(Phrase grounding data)
┌────────

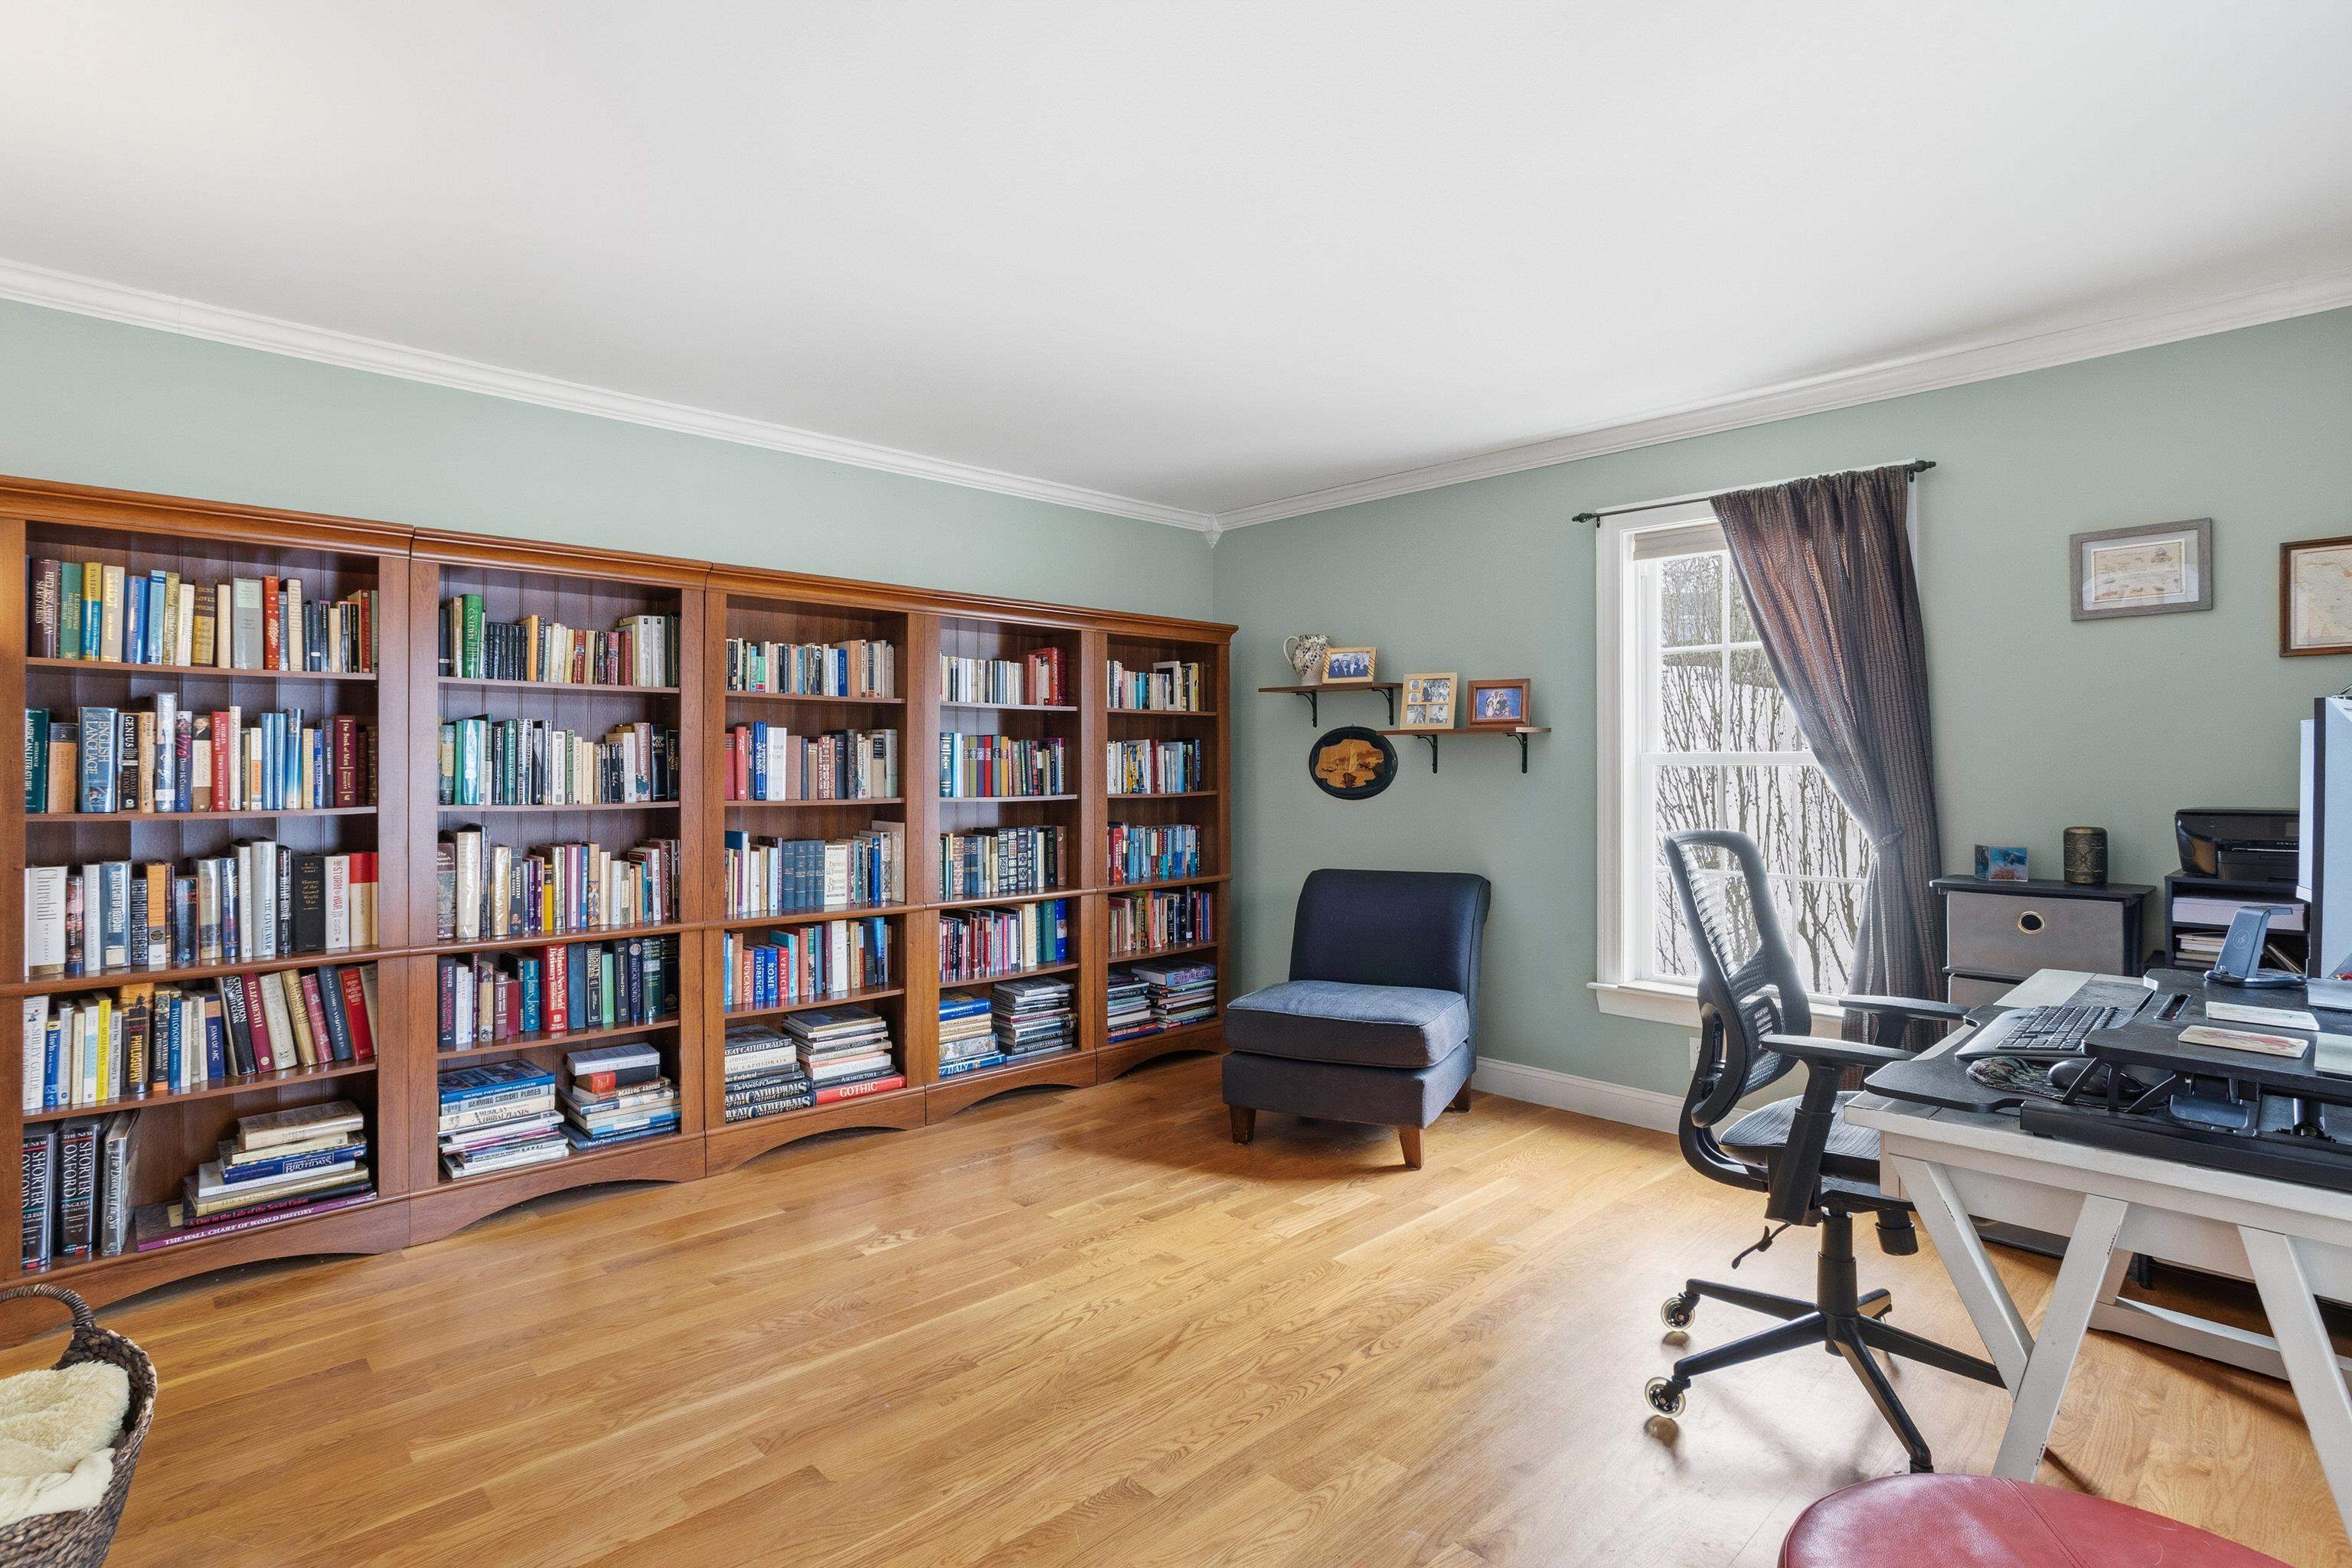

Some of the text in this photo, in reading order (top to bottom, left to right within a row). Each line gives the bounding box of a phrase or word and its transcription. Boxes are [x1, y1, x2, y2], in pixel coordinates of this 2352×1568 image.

[44, 606, 54, 635] AMERICAN
[25, 719, 34, 750] AMERICAN
[85, 720, 98, 775] LANGUAGE
[98, 721, 110, 763] ENGLISH
[125, 716, 135, 748] GENIUS
[175, 733, 188, 756] 1776
[36, 869, 58, 921] Churchill
[332, 866, 344, 890] STORM
[113, 908, 122, 933] FREEDOM
[548, 949, 557, 981] Dictionary
[557, 947, 566, 978] Webster's
[743, 960, 751, 997] TUSCANY
[234, 977, 247, 1022] CIVILISATION
[247, 982, 261, 1024] ELIZABETH
[557, 990, 566, 1010] World
[171, 1008, 180, 1050] PHILOSOPHY
[29, 1028, 42, 1090] SIBLEY GUIDE
[129, 1035, 142, 1083] PHILOSOPHY
[741, 1040, 784, 1054] CATHEDRALS
[746, 1081, 808, 1104] CATHEDRALS
[839, 1081, 878, 1097] GOTHIC
[748, 1096, 811, 1119] CATHEDRALS
[32, 1152, 47, 1207] SHORTER
[63, 1144, 78, 1198] OXFORD
[78, 1142, 93, 1196] SHORTER
[165, 1207, 315, 1246] THE WALL CHART OF WORLD HISTORY

└────────

Exact output of each line above is wanted, without the pictures.

Reply:
Some of the text in this photo, in reading order (top to bottom, left to right within a row). Each line gives the bounding box of a phrase or word and its transcription. Boxes are [x1, y1, x2, y2], in pixel coordinates of this 2352×1568 image.

[44, 606, 54, 635] AMERICAN
[25, 719, 34, 750] AMERICAN
[85, 720, 98, 775] LANGUAGE
[98, 721, 110, 763] ENGLISH
[125, 716, 135, 748] GENIUS
[175, 733, 188, 756] 1776
[36, 869, 58, 921] Churchill
[332, 866, 344, 890] STORM
[113, 908, 122, 933] FREEDOM
[548, 949, 557, 981] Dictionary
[557, 947, 566, 978] Webster's
[743, 960, 751, 997] TUSCANY
[234, 977, 247, 1022] CIVILISATION
[247, 982, 261, 1024] ELIZABETH
[557, 990, 566, 1010] World
[171, 1008, 180, 1050] PHILOSOPHY
[29, 1028, 42, 1090] SIBLEY GUIDE
[129, 1035, 142, 1083] PHILOSOPHY
[741, 1040, 784, 1054] CATHEDRALS
[746, 1081, 808, 1104] CATHEDRALS
[839, 1081, 878, 1097] GOTHIC
[748, 1096, 811, 1119] CATHEDRALS
[32, 1152, 47, 1207] SHORTER
[63, 1144, 78, 1198] OXFORD
[78, 1142, 93, 1196] SHORTER
[165, 1207, 315, 1246] THE WALL CHART OF WORLD HISTORY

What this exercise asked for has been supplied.